[[ Extracted data open ]]
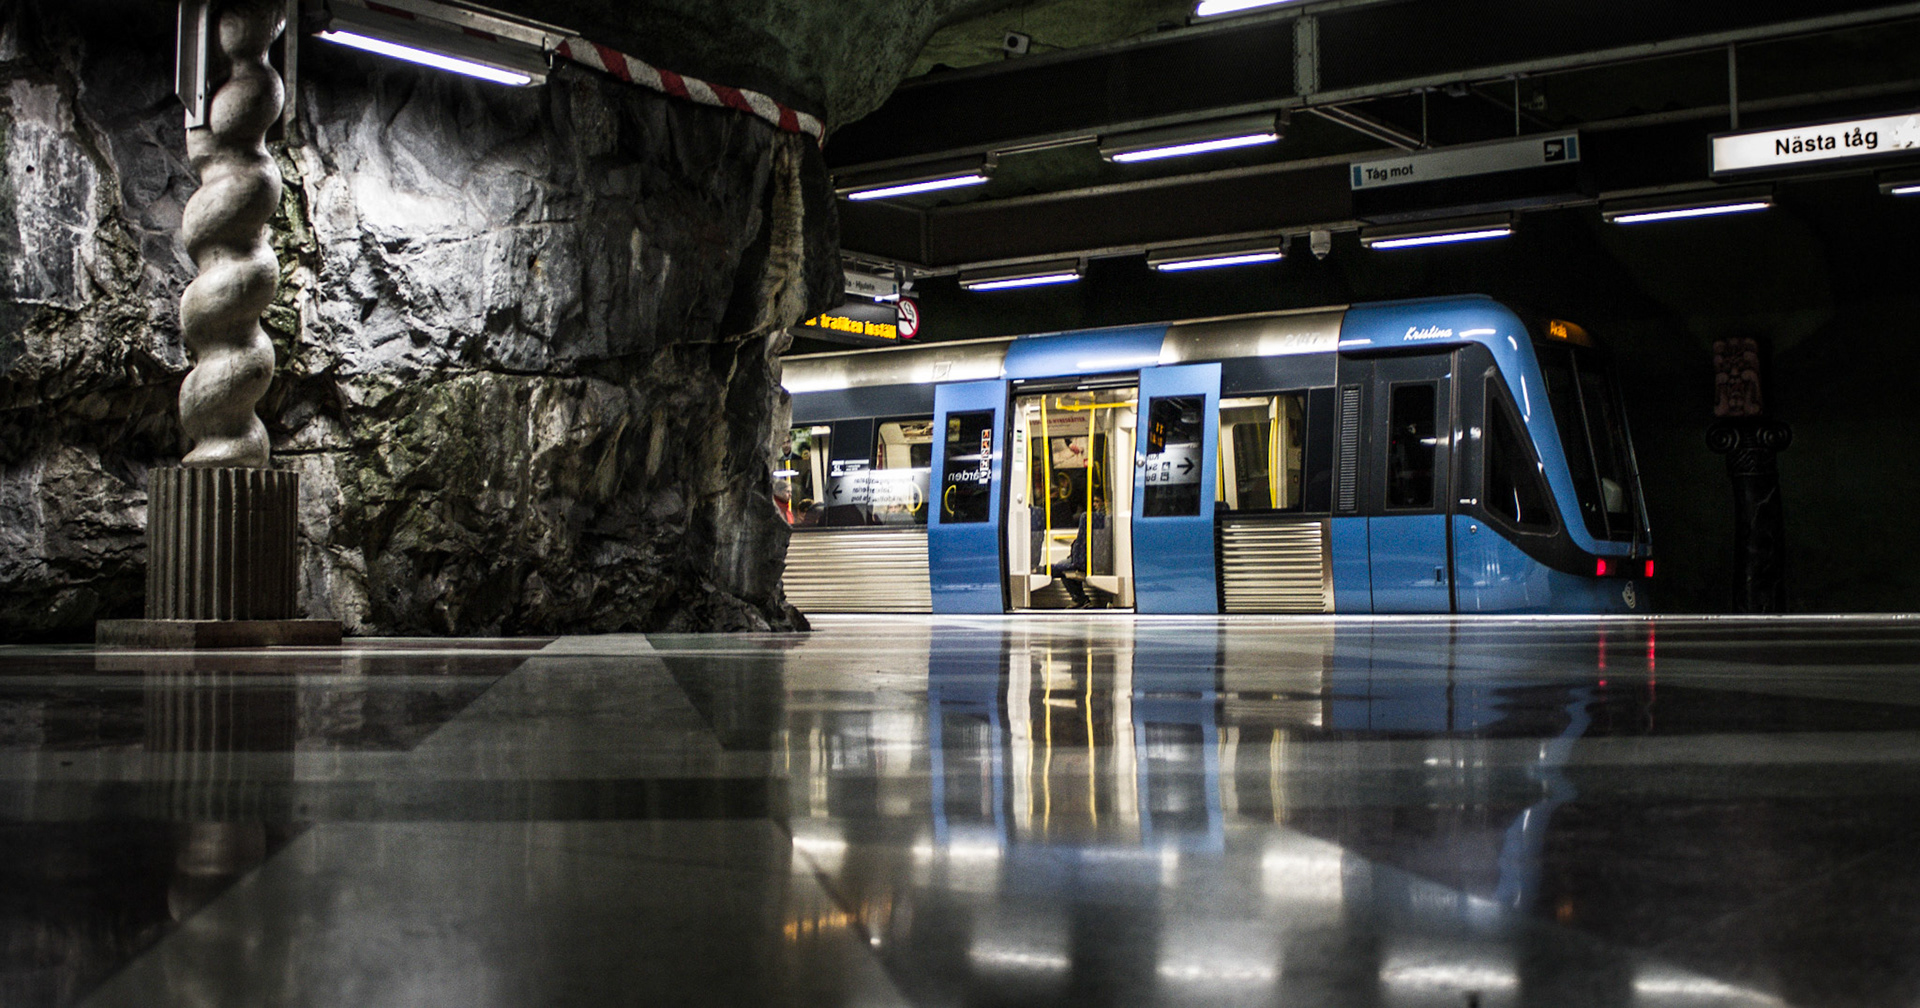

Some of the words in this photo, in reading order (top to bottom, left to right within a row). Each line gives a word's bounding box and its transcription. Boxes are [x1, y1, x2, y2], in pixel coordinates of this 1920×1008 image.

[1775, 134, 1836, 155] Nästa
[1844, 127, 1878, 149] tåg
[1365, 168, 1388, 182] Tåg
[1390, 164, 1414, 177] mot
[1403, 325, 1453, 341] Kristina
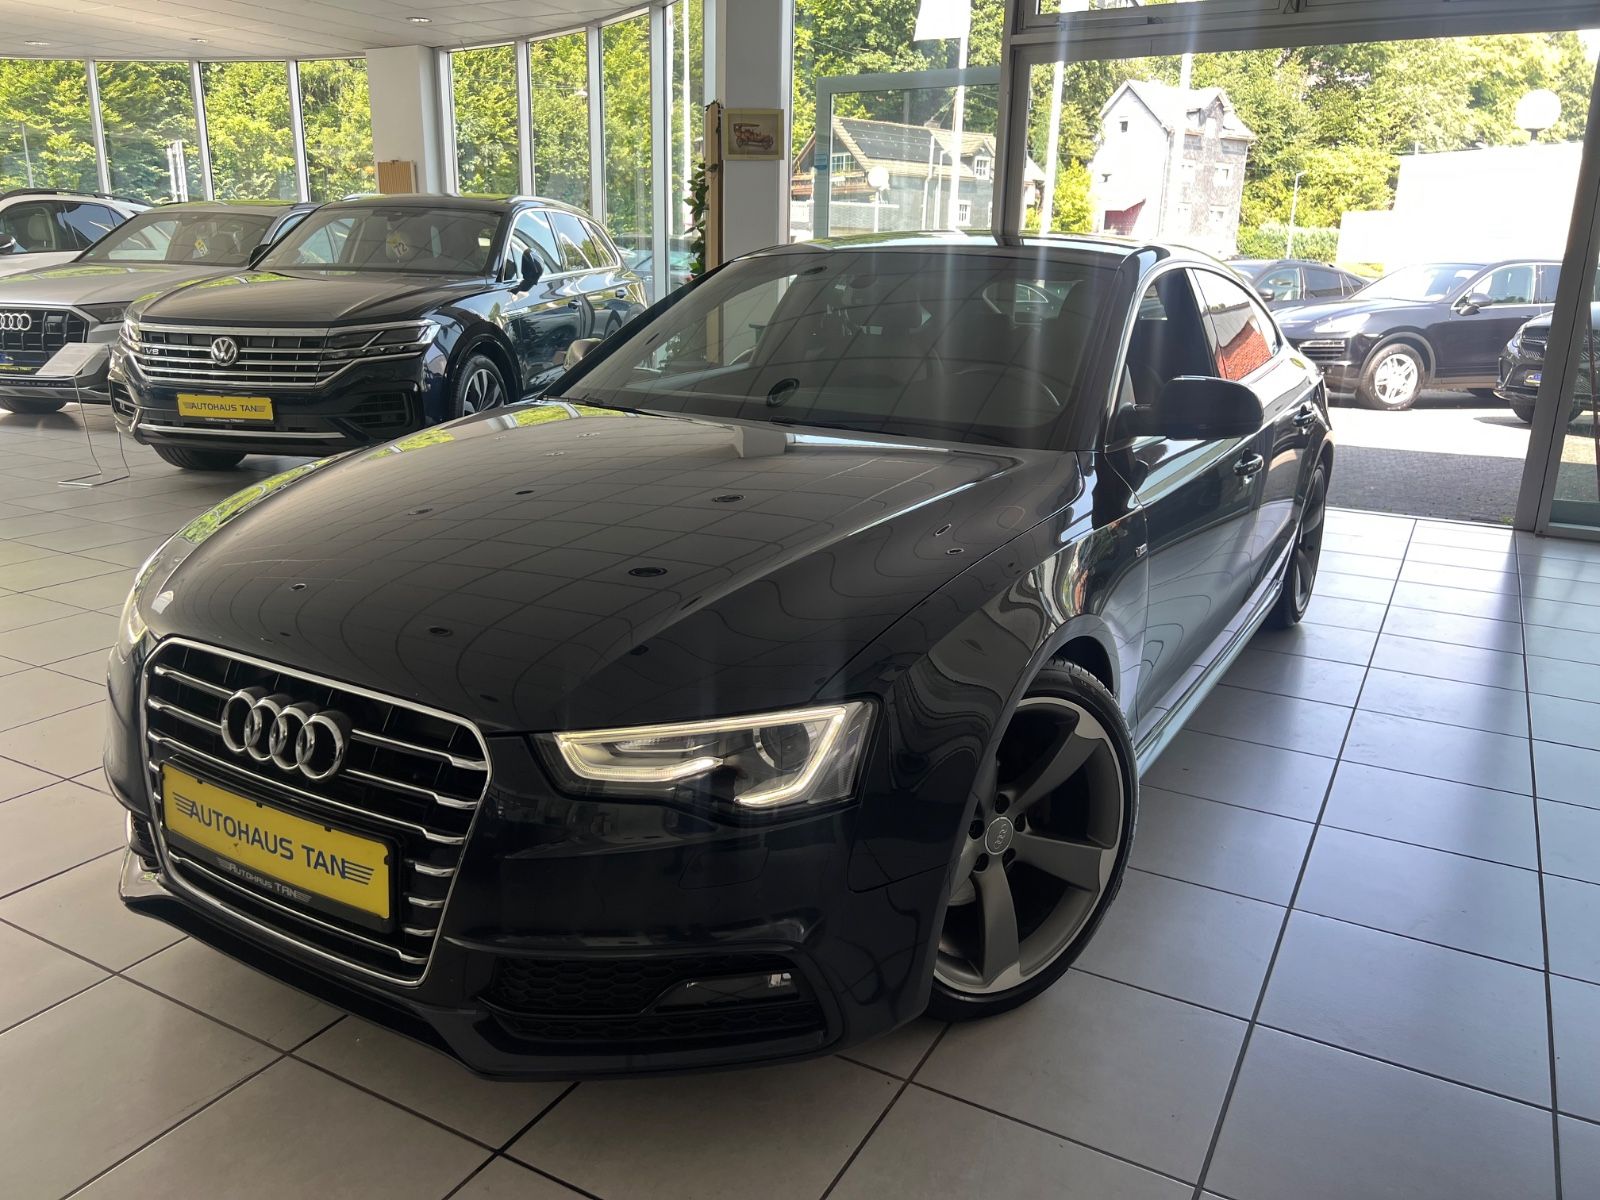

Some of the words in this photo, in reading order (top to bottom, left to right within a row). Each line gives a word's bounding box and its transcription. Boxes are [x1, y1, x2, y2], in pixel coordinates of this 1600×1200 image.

[191, 402, 238, 412] AUTOHAUS
[240, 404, 257, 413] TAN
[190, 800, 294, 861] AUTOHAUS
[301, 844, 347, 880] TAN
[274, 882, 298, 899] TAN
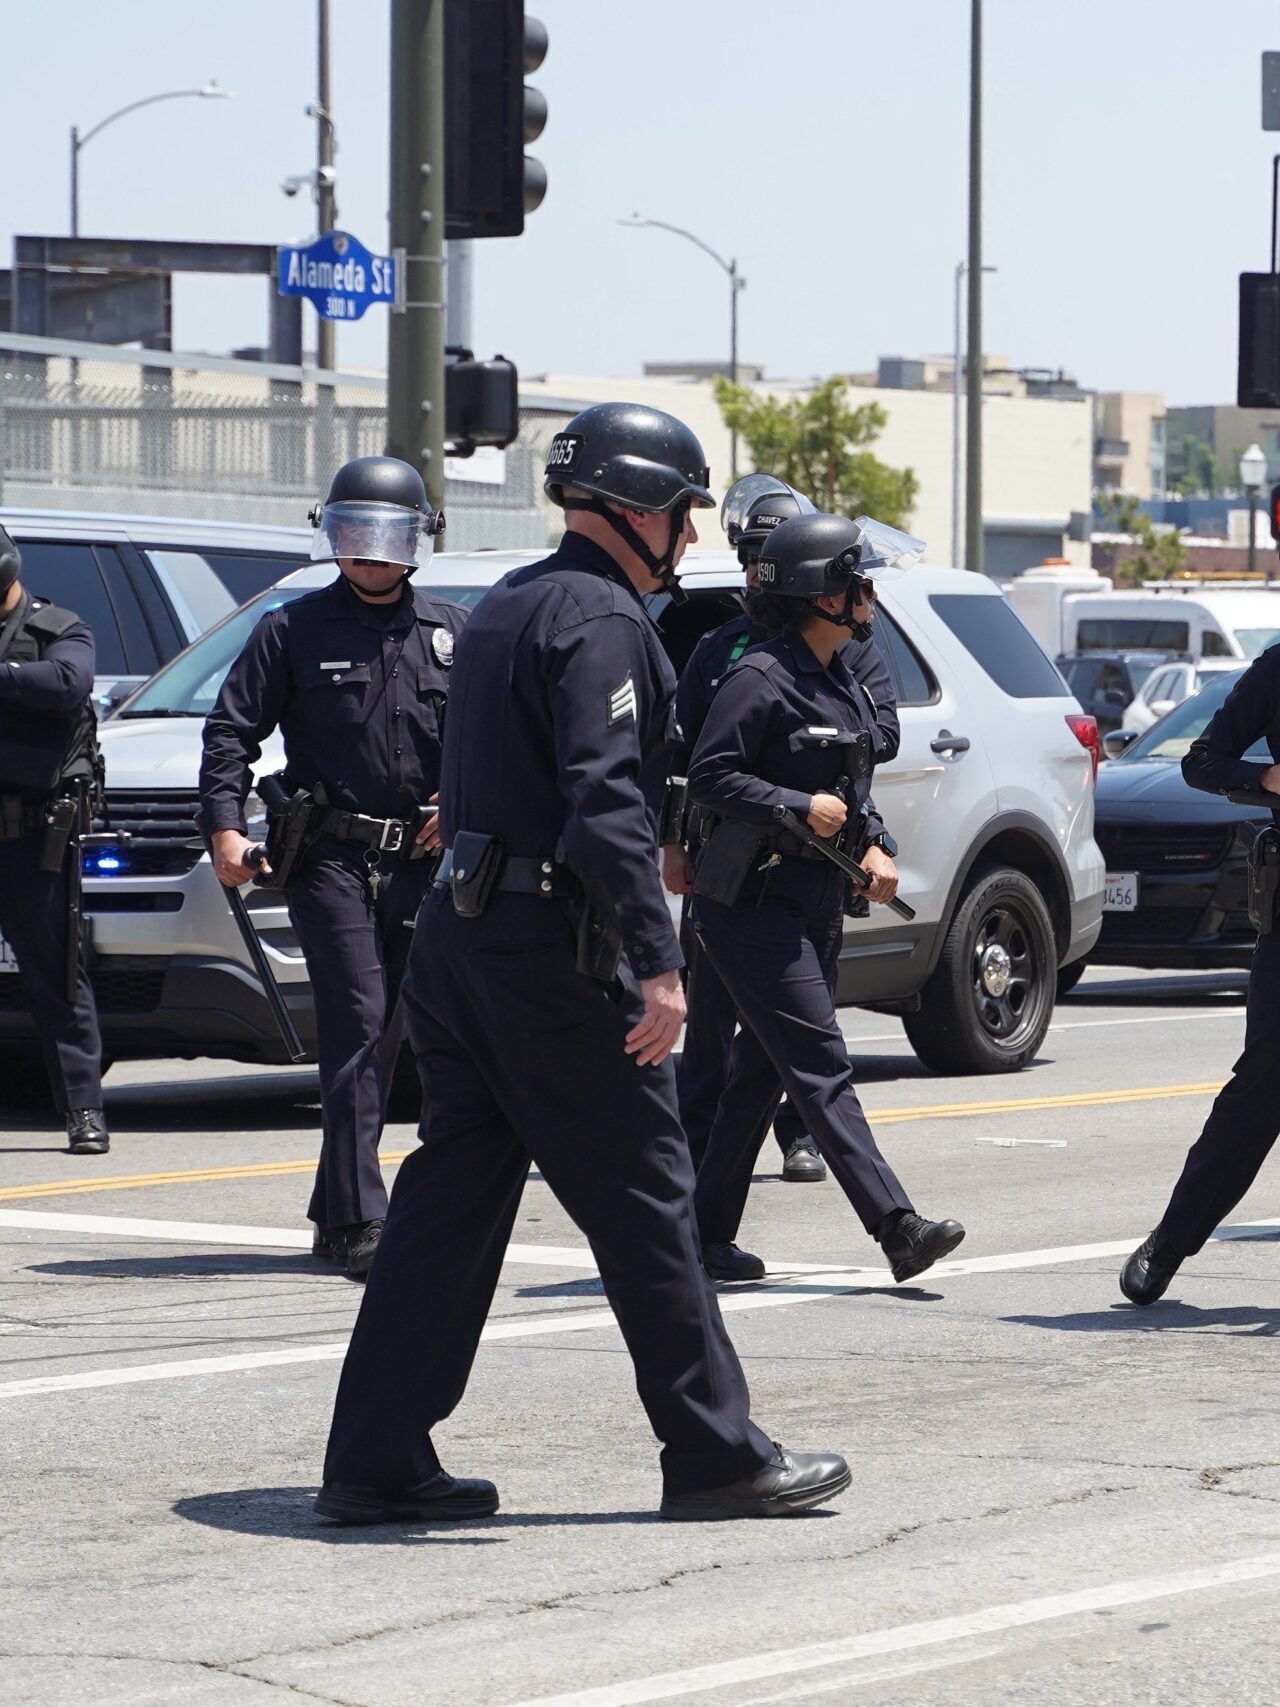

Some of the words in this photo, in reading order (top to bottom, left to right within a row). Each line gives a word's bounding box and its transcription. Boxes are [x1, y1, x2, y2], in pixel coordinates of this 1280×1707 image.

[288, 251, 365, 293] Alameda
[372, 258, 392, 294] St
[326, 296, 346, 317] 300
[347, 299, 356, 317] N
[757, 515, 781, 526] CHAVEZ
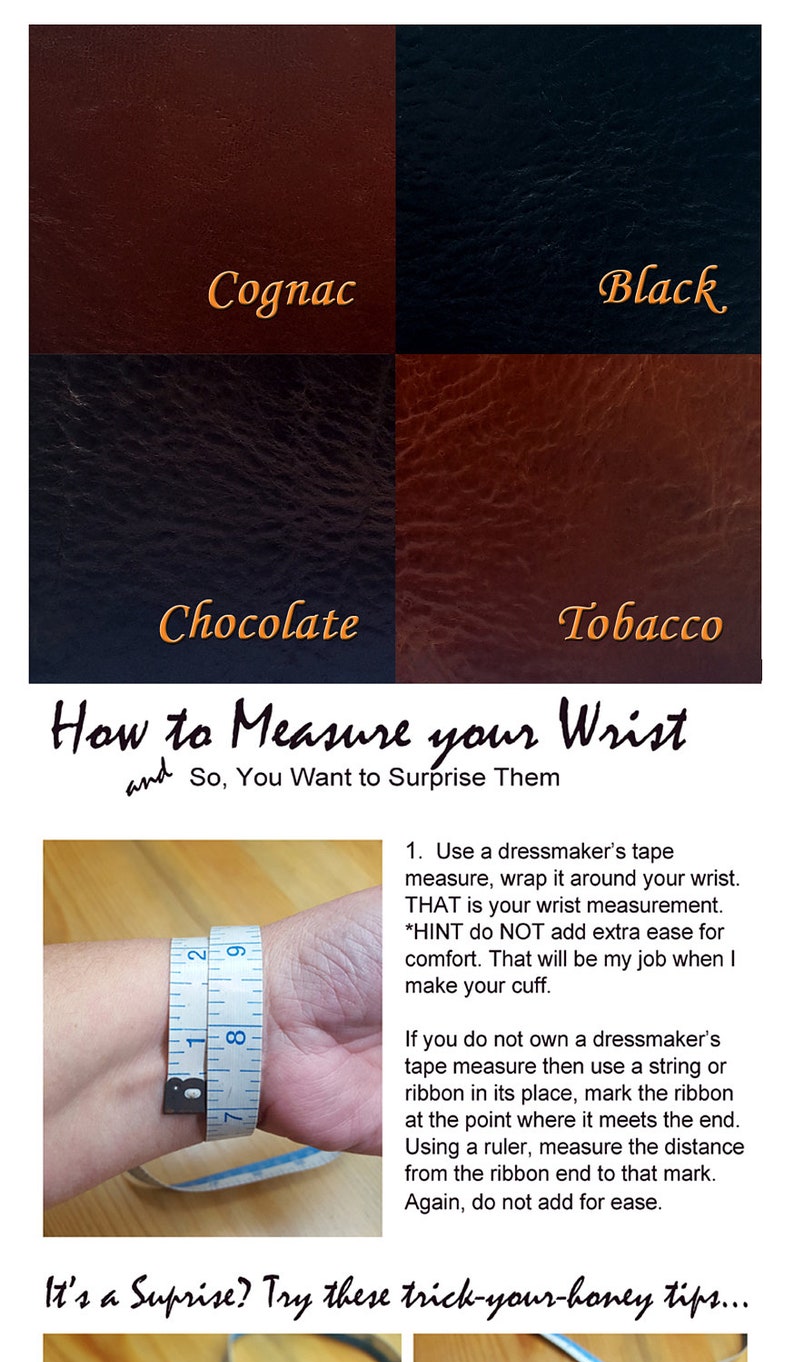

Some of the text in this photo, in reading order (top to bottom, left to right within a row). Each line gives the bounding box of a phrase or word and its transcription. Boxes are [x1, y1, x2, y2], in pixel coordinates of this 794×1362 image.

[187, 950, 206, 961] 2
[226, 945, 246, 957] 9
[186, 1038, 206, 1048] 1
[225, 1030, 246, 1045] 8
[224, 1112, 243, 1123] 7
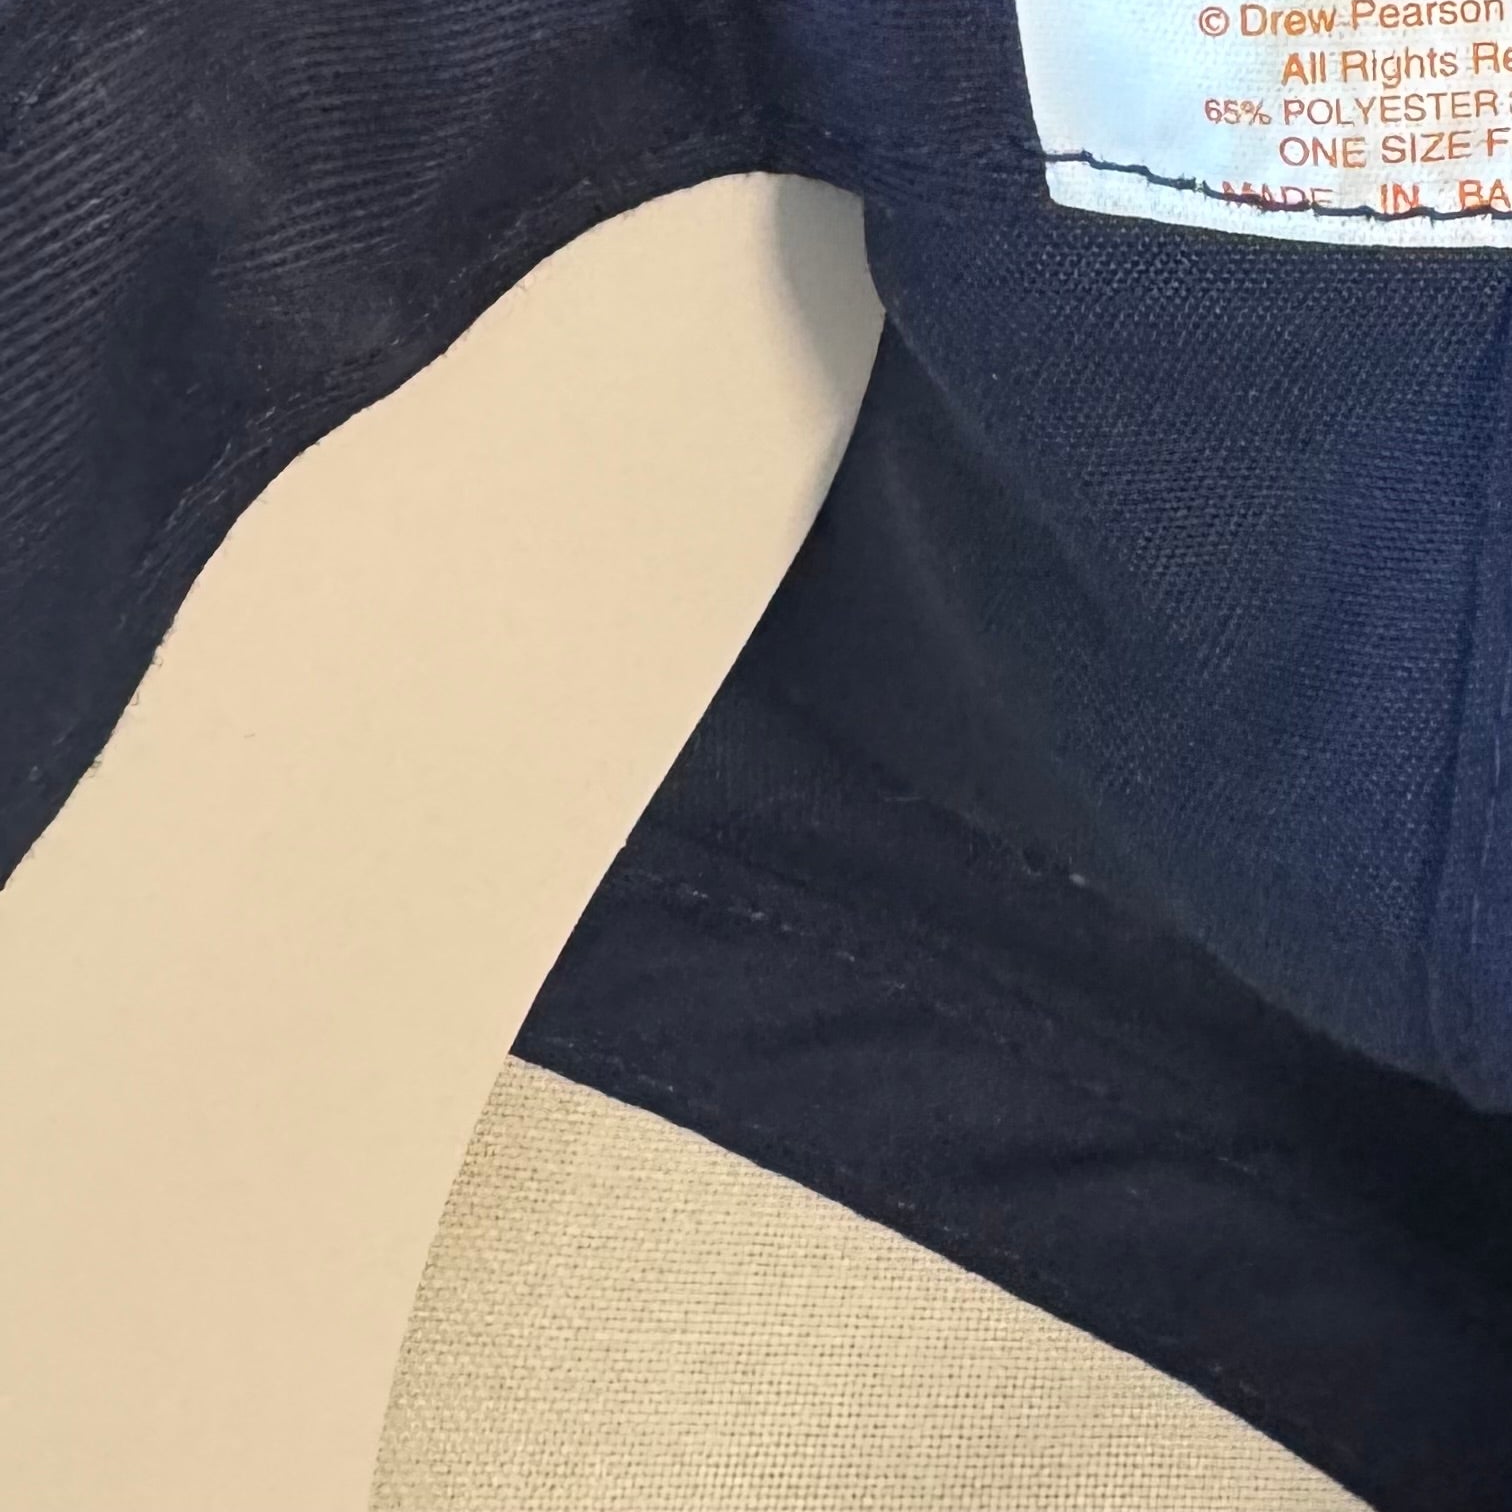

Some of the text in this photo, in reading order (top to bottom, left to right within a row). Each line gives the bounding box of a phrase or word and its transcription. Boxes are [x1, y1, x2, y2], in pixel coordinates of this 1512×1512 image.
[[ Extracted data closed ]]
Each record above is to be copied out exactly; its pictures are not.

Some of the words in this photo, in reading order (top to bottom, left to right within a row). Each line gives a word's bounding box and its transcription. Boxes are [x1, y1, x2, y2], in pixel coordinates of this 1920×1008 image.

[1775, 134, 1836, 155] Nästa
[1844, 127, 1878, 149] tåg
[1365, 168, 1388, 182] Tåg
[1390, 164, 1414, 177] mot
[1403, 325, 1453, 341] Kristina

Some of the words in this photo, in reading order (top to bottom, left to right within a row). Each line gives a word's bounding box and its transcription. Boxes are [x1, y1, x2, y2], in pixel coordinates of this 1600×1200 image.

[191, 402, 238, 412] AUTOHAUS
[240, 404, 257, 413] TAN
[190, 800, 294, 861] AUTOHAUS
[301, 844, 347, 880] TAN
[274, 882, 298, 899] TAN

Some of the words in this photo, in reading order (top to bottom, left to right within a row). Each line gives a word's bounding box and its transcription. Boxes are [x1, y1, x2, y2], in pixel coordinates of this 1280×1707 image.

[288, 251, 365, 293] Alameda
[372, 258, 392, 294] St
[326, 296, 346, 317] 300
[347, 299, 356, 317] N
[757, 515, 781, 526] CHAVEZ

Some of the text in this photo, in reading order (top to bottom, left to right within a row). Each line gives the bounding box of a phrase or word and its transcription. Boxes are [x1, y1, x2, y2], in pixel coordinates of this 794×1362 image.

[187, 950, 206, 961] 2
[226, 945, 246, 957] 9
[186, 1038, 206, 1048] 1
[225, 1030, 246, 1045] 8
[224, 1112, 243, 1123] 7

Some of the text in this photo, in reading order (top to bottom, left to right within a row). Each line gives the bounding box of a phrase or word and its transcription. Boxes are [x1, y1, x2, y2], in pixel coordinates of this 1512×1512 image.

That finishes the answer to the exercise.